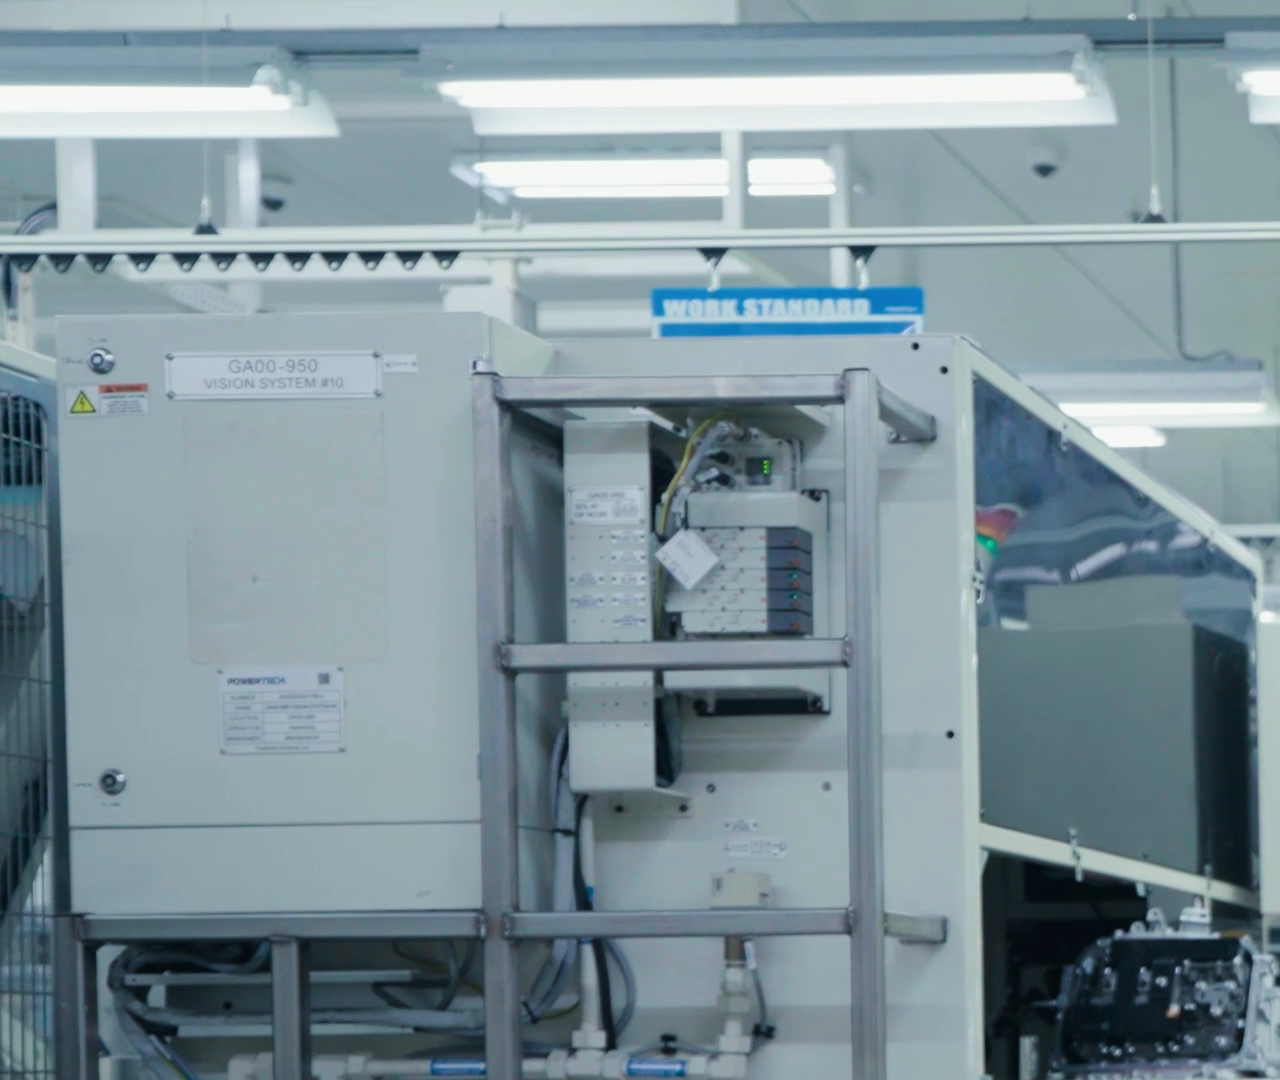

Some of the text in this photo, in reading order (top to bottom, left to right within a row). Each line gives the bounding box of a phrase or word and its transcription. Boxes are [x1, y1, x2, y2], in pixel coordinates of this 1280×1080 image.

[662, 298, 871, 317] WORK STANDARD
[228, 358, 318, 374] GA00-950
[203, 377, 344, 390] VISION SYSTEM #10
[227, 676, 285, 686] POWERTECH
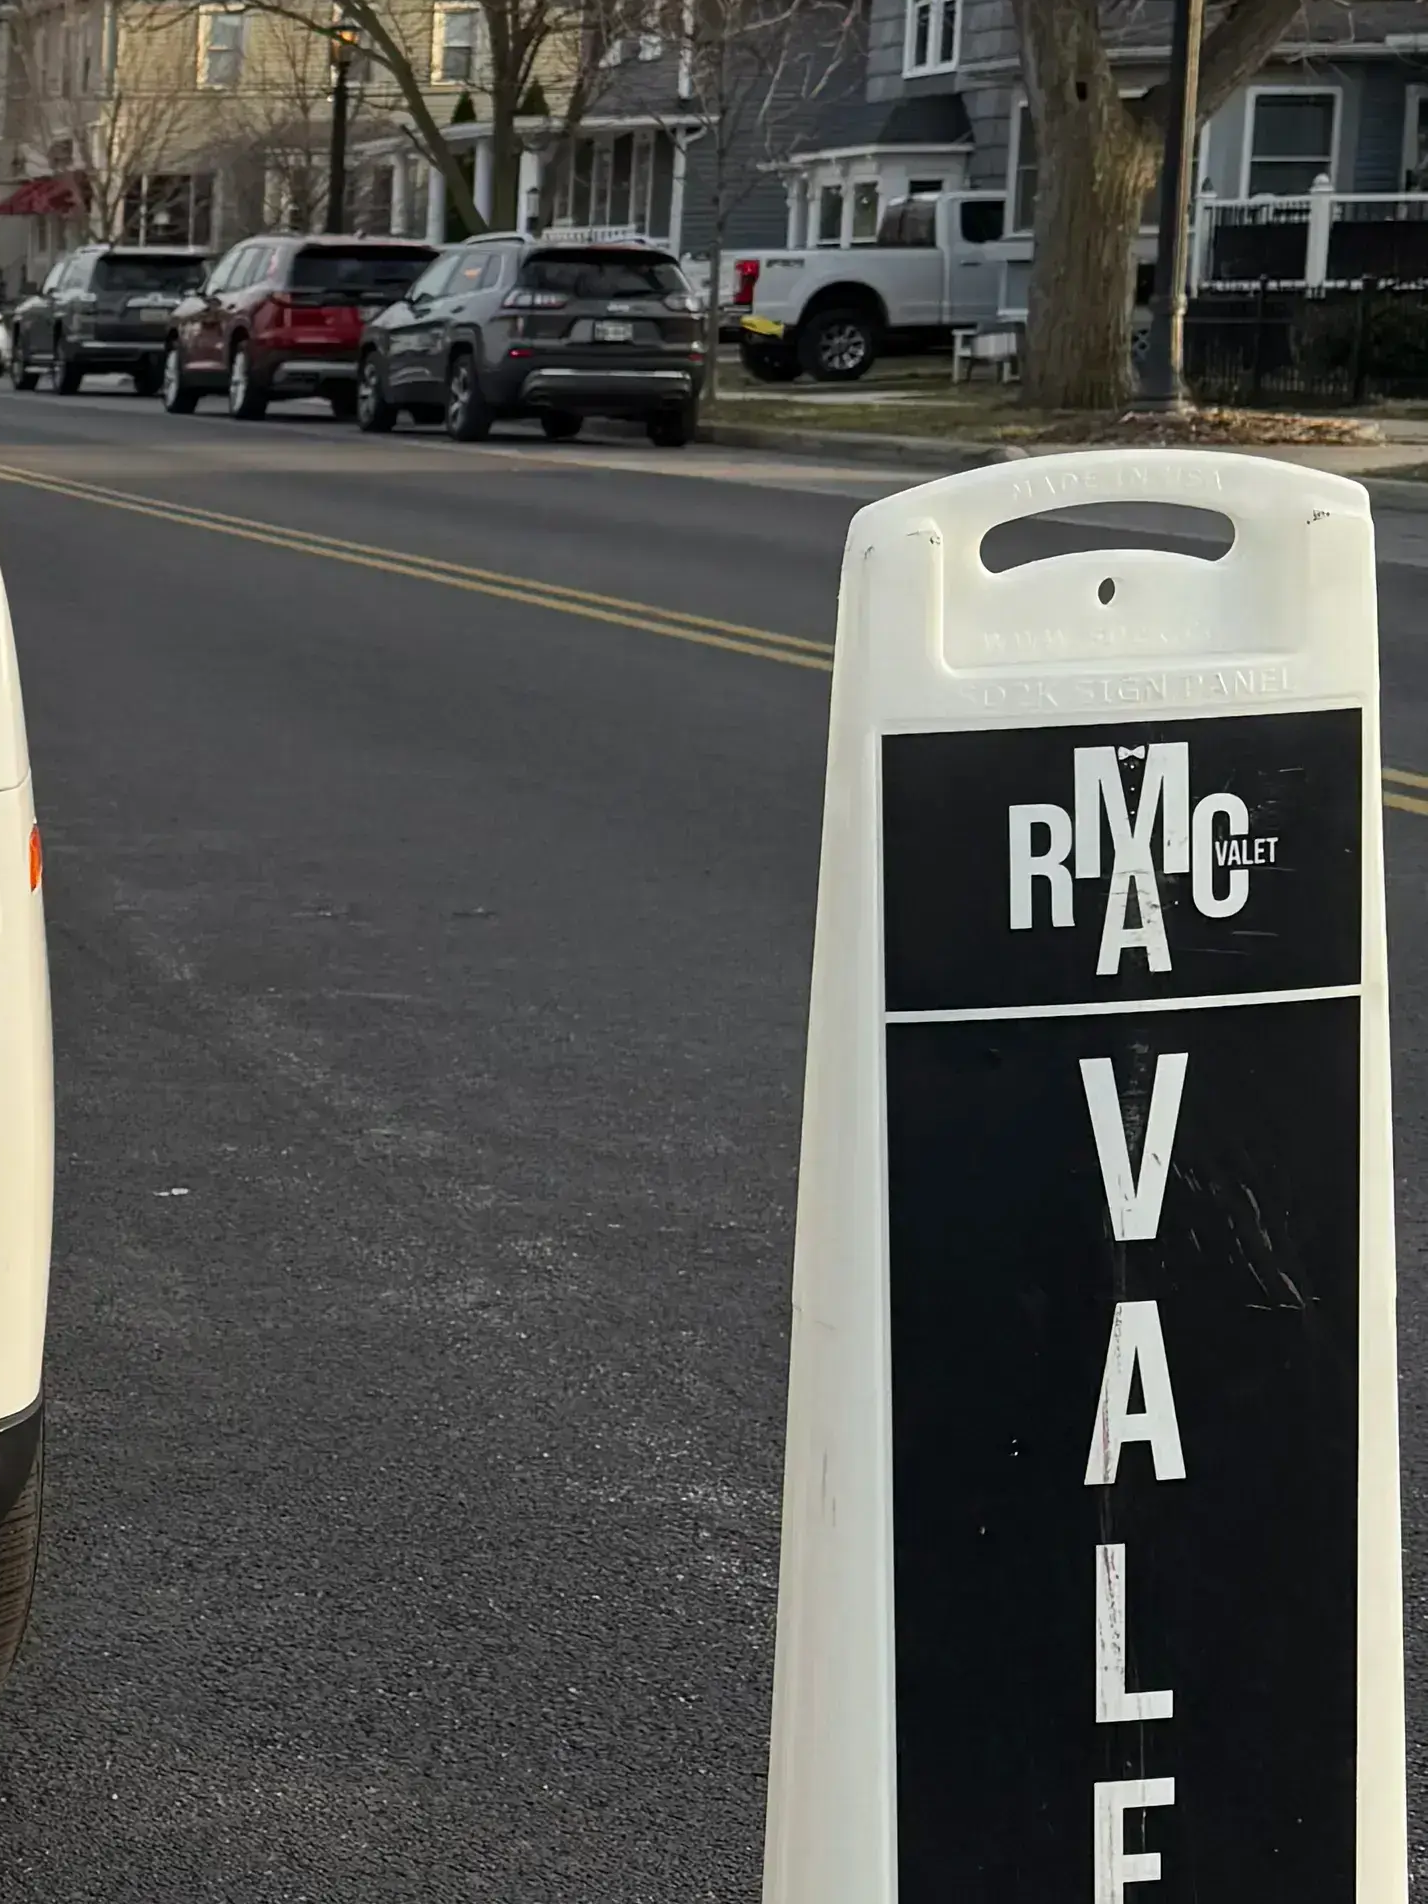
• • •
Your task
Drop the pictures, then write out everything else in the records exactly.

Exercise solution
Some of the text in this photo, in reading order (top to bottom, left to right within a row). Each line gives the bounding box of a phrase or word and its transcription. Boxes are [x1, y1, x2, y2], in pixel coordinates of this 1280×1080 image.

[662, 298, 871, 317] WORK STANDARD
[228, 358, 318, 374] GA00-950
[203, 377, 344, 390] VISION SYSTEM #10
[227, 676, 285, 686] POWERTECH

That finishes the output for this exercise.